About Me

My photo
Writer of many words for many years. Still going strong. Read on, readers xx

Thursday, March 20, 2025

This Journey is a Silent One – by Bettina von Kampen Available NOW!!

 A friend asked me once if I got sad when I finished a novel. An interesting question. I do, in fact, tear up every time I read to the end of one of my novels. Even if I have read it over many times, the ending always gets me.

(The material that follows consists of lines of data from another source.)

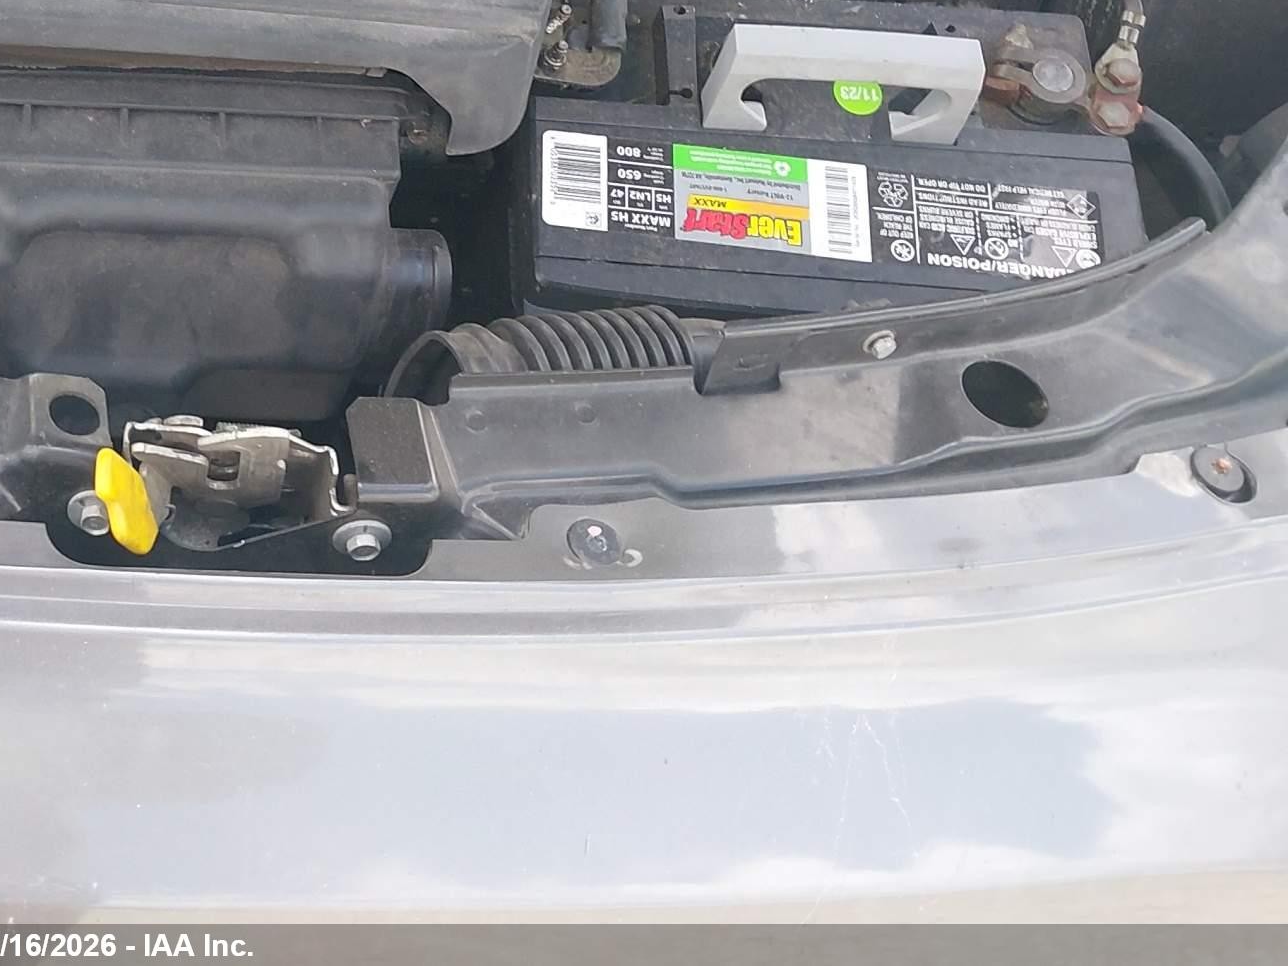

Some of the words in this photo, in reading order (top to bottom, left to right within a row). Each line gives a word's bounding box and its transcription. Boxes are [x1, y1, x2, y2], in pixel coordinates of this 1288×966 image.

[840, 86, 880, 102] 11/23
[616, 146, 642, 158] 800
[617, 168, 642, 180] 650
[610, 189, 624, 198] 47
[629, 190, 651, 201] LN2
[694, 198, 727, 209] MAXX
[632, 213, 671, 227] MAXX
[683, 208, 803, 247] EverStart
[927, 253, 1066, 278] DANGER/POISON

Perhaps it’s the completion of a monumental undertaking – years, it takes me to finish a novel. Or that I have invested so much brain power and emotion in creating and getting to know the characters. I have seen them through thick and thin and with the completion of the story, I won’t see them anymore. I won’t spend all that time stressing and fussing and sorting out their lives and situations. I will be moving on to new, unformed characters that only I can coax out of their shells. It’s not easy getting to know someone, especially when you are making them up.

The idea for this book came from a story, possibly apocryphal, of a young man who had fallen onto the subway tracks and the train landed on him. The paramedics talked to him and told him as soon as they lifted the train off his chest, he would die instantly. I thought about this and wondered what would happen if a family were faced with such a situation, prepared for the death of their loved one and then the person didn’t die.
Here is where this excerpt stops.